╭─ DATA LISTING
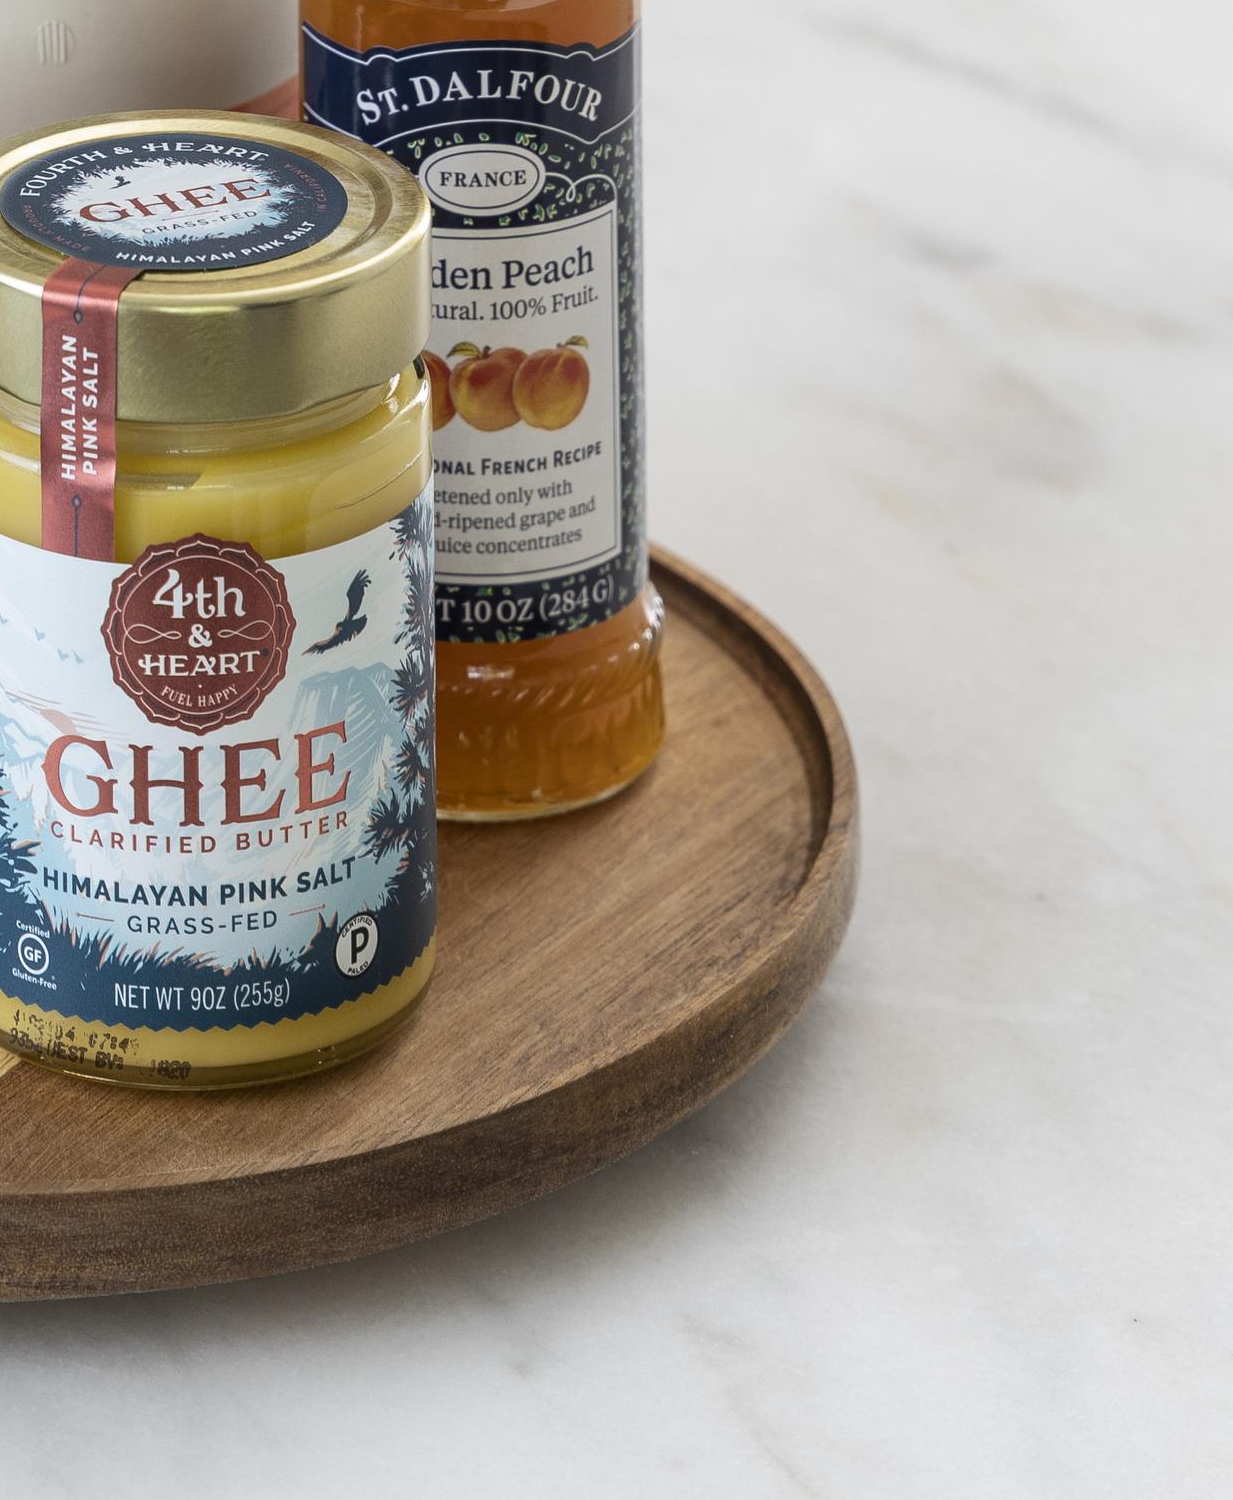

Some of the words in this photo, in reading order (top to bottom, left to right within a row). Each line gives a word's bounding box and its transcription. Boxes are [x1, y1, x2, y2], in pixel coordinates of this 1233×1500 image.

[356, 88, 410, 125] ST.
[410, 68, 603, 122] DALFOUR
[20, 150, 109, 197] FOURTH
[114, 146, 133, 155] &
[142, 142, 270, 162] HEART
[439, 169, 526, 188] FRANCE
[79, 178, 272, 223] GHEE
[142, 211, 258, 235] GRASS-FED
[116, 251, 237, 264] HIMALAYAN
[241, 239, 285, 256] PINK
[284, 221, 316, 241] SALT
[502, 245, 595, 289] Peach
[490, 295, 547, 320] 100%
[551, 285, 599, 313] Fruit.
[82, 348, 99, 409] SALT
[61, 335, 78, 481] HIMALAYAN
[82, 411, 99, 477] PINK
[481, 456, 547, 476] FRENCH
[553, 440, 602, 468] RECIPE
[495, 486, 534, 506] only
[537, 479, 573, 501] with
[520, 508, 565, 531] grape
[568, 495, 598, 519] and
[475, 527, 583, 555] concentrates
[152, 568, 246, 619] 4th
[462, 599, 492, 623] 10
[496, 598, 535, 622] OZ
[188, 623, 213, 648] &
[138, 650, 261, 677] HEART
[161, 685, 192, 708] FUEL
[198, 684, 239, 708] HAPPY
[41, 720, 351, 827] GHEE
[50, 820, 216, 854] CLARIFIED
[237, 810, 348, 851] BUTTER
[42, 866, 208, 907] HIMALAYAN
[220, 876, 286, 906] PINK
[295, 855, 356, 893] SALT
[16, 919, 51, 939] Certified
[127, 910, 278, 934] GRASS-FED
[341, 916, 373, 939] CERTIFIED
[24, 946, 42, 963] GF
[351, 926, 369, 965] P
[12, 967, 57, 991] Gluten-Free
[346, 960, 369, 975] PALEO
[114, 983, 150, 1009] NET
[155, 987, 184, 1011] WT
[233, 983, 291, 1011] (255g)
╰─
* **TASK STATEMENT**
Reproduce the records above exactly, excluding every picture.

* **TASK RESULT**
Some of the words in this photo, in reading order (top to bottom, left to right within a row). Each line gives a word's bounding box and its transcription. Boxes are [x1, y1, x2, y2], in pixel coordinates of this 1233×1500 image.

[356, 88, 410, 125] ST.
[410, 68, 603, 122] DALFOUR
[20, 150, 109, 197] FOURTH
[114, 146, 133, 155] &
[142, 142, 270, 162] HEART
[439, 169, 526, 188] FRANCE
[79, 178, 272, 223] GHEE
[142, 211, 258, 235] GRASS-FED
[116, 251, 237, 264] HIMALAYAN
[241, 239, 285, 256] PINK
[284, 221, 316, 241] SALT
[502, 245, 595, 289] Peach
[490, 295, 547, 320] 100%
[551, 285, 599, 313] Fruit.
[82, 348, 99, 409] SALT
[61, 335, 78, 481] HIMALAYAN
[82, 411, 99, 477] PINK
[481, 456, 547, 476] FRENCH
[553, 440, 602, 468] RECIPE
[495, 486, 534, 506] only
[537, 479, 573, 501] with
[520, 508, 565, 531] grape
[568, 495, 598, 519] and
[475, 527, 583, 555] concentrates
[152, 568, 246, 619] 4th
[462, 599, 492, 623] 10
[496, 598, 535, 622] OZ
[188, 623, 213, 648] &
[138, 650, 261, 677] HEART
[161, 685, 192, 708] FUEL
[198, 684, 239, 708] HAPPY
[41, 720, 351, 827] GHEE
[50, 820, 216, 854] CLARIFIED
[237, 810, 348, 851] BUTTER
[42, 866, 208, 907] HIMALAYAN
[220, 876, 286, 906] PINK
[295, 855, 356, 893] SALT
[16, 919, 51, 939] Certified
[127, 910, 278, 934] GRASS-FED
[341, 916, 373, 939] CERTIFIED
[24, 946, 42, 963] GF
[351, 926, 369, 965] P
[12, 967, 57, 991] Gluten-Free
[346, 960, 369, 975] PALEO
[114, 983, 150, 1009] NET
[155, 987, 184, 1011] WT
[233, 983, 291, 1011] (255g)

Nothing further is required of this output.